The relative importance of set and setting suggests that the environment in an LSD experience should be carefully controlled.

A recent article on The Guardian website discussed new findings re LSD’s action in the brain. The editors have been supportive of resuming research on illicit drugs, including hallucinogens, based on their promise in psychiatric care. Still to be determined: whether or not that promise will be fulfilled.

Anyway, these findings help explain the drug’s influence on the brain’s information transmission processes:

Study shows how LSD interferes with brain’s signalling

From the article: “…parts of the cortex…become flooded with signals that are normally filtered out to prevent information overload…The drug allowed more information to flow from the thalamus, a kind of neural gatekeeper, to a region called the posterior cingulate cortex, and it stemmed the flow of information to another part known as the temporal cortex.”

The terms may be unfamiliar to you, but the model is actually an older one. It answers some questions and not others. Certain of LSD’s effects– distortion of visual images, heightened sensitivity to color or sound, lingering afterimages sometimes called “trails”– are fairly well understood. Less well understood is how something as basic as an overload of the thalamus — like overloading a telephone switchboard — can produce a host of other reported effects. Such as a feeling of loss of self, experienced by some users as exciting and potentially transformational, and by others as, well, terrifying.

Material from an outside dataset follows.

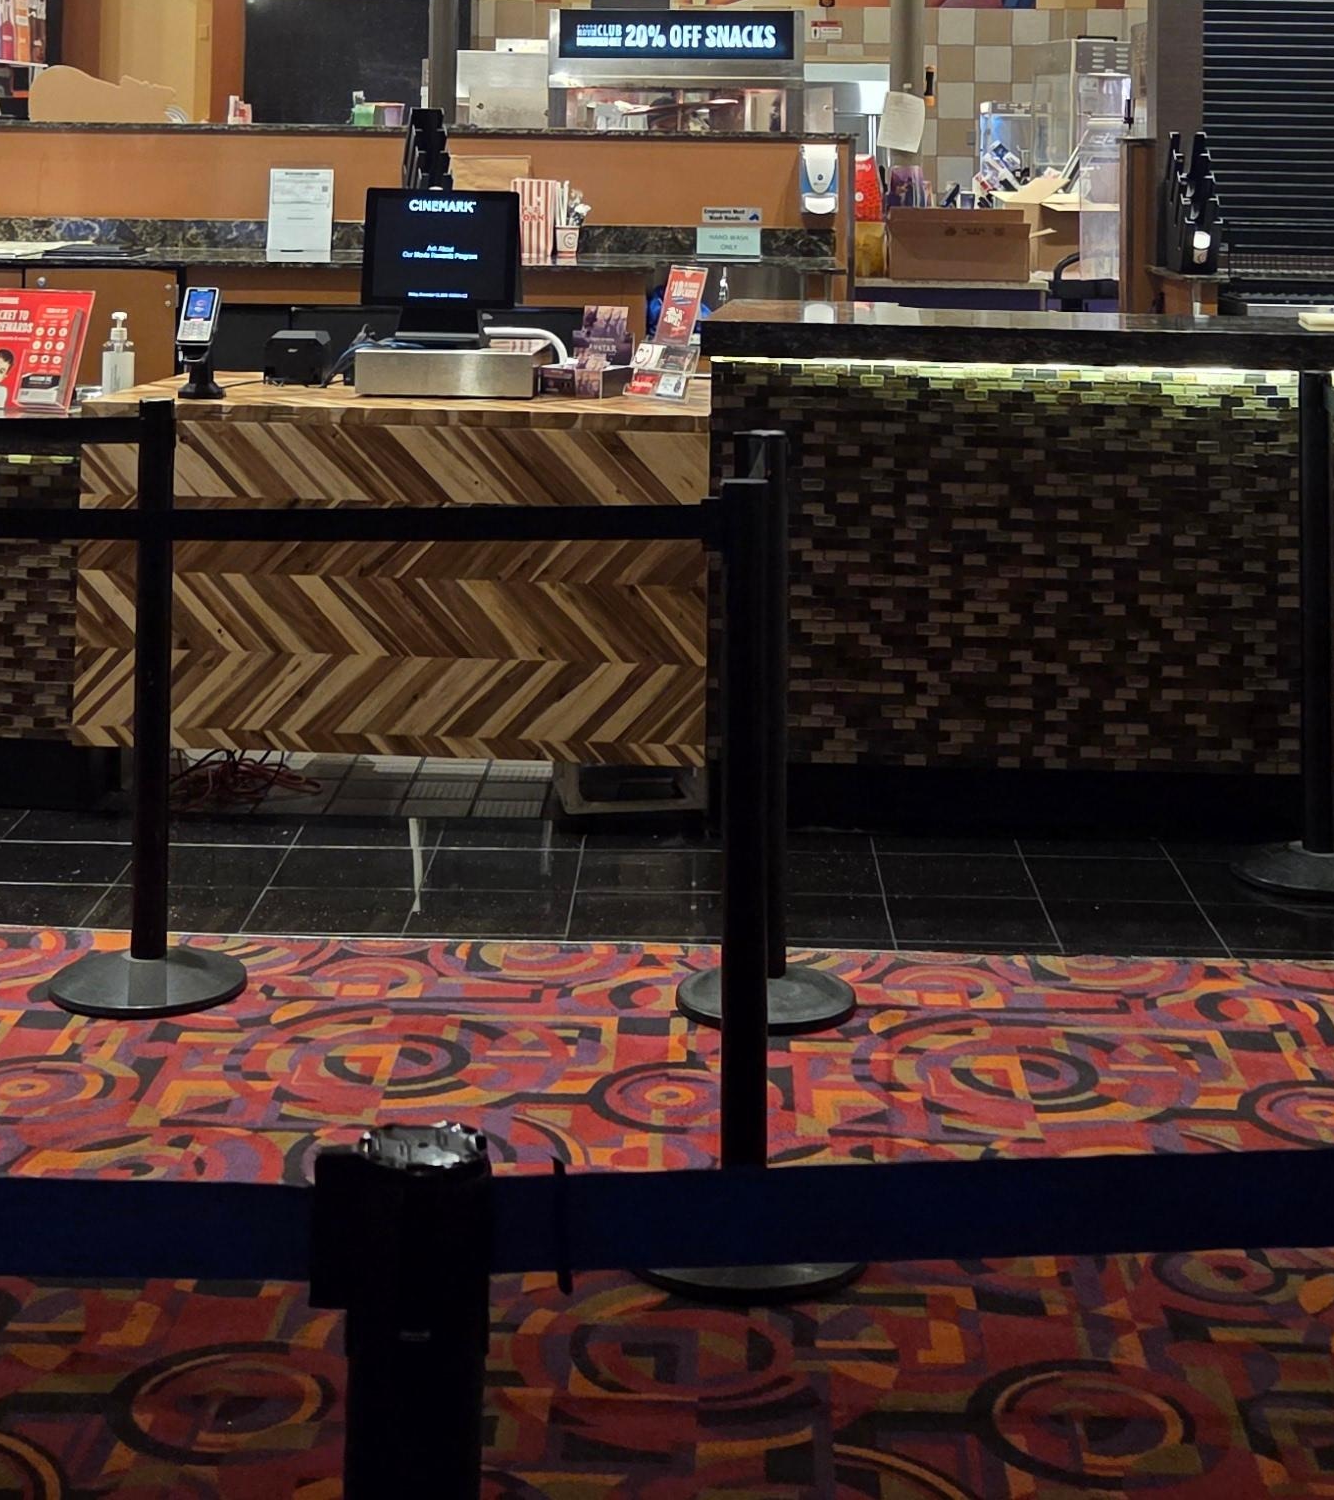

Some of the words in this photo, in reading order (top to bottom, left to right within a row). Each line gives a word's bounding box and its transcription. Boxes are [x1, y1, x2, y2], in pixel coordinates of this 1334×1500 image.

It’s quite possible that factors other than the chemical — most commonly, the set (short for the user’s mindset) and setting (the environment where use takes place) — are responsible for the difference between a “good” and “bad” LSD trip. Excluding an overdose situation, of course, or a bad batch. Those are uniformly bad news.

To me, the unanswered questions suggest a need for moderately rigorous controls. Therapeutic use, for example, should occur in a structured therapeutic situation, such as a clinic, under professional supervision.

I realize that doesn’t leave much room for the sort of casual use in dorm rooms and at music festivals which dominated the Sixties and seems to have made a comeback in the 21st Century. So be it.

Please note I’m not saying that any LSD trip outside a controlled setting will turn out badly– witness the happy campers at Burning Man — but the relative risk of a bad outcome escalates in the absence of a controlled environment.

So when you read about the therapeutic value of this or any psychedelic chemical,  don’t forget that its value as a tool for self-exploration may depend upon a controlled situation and appropriate guidance.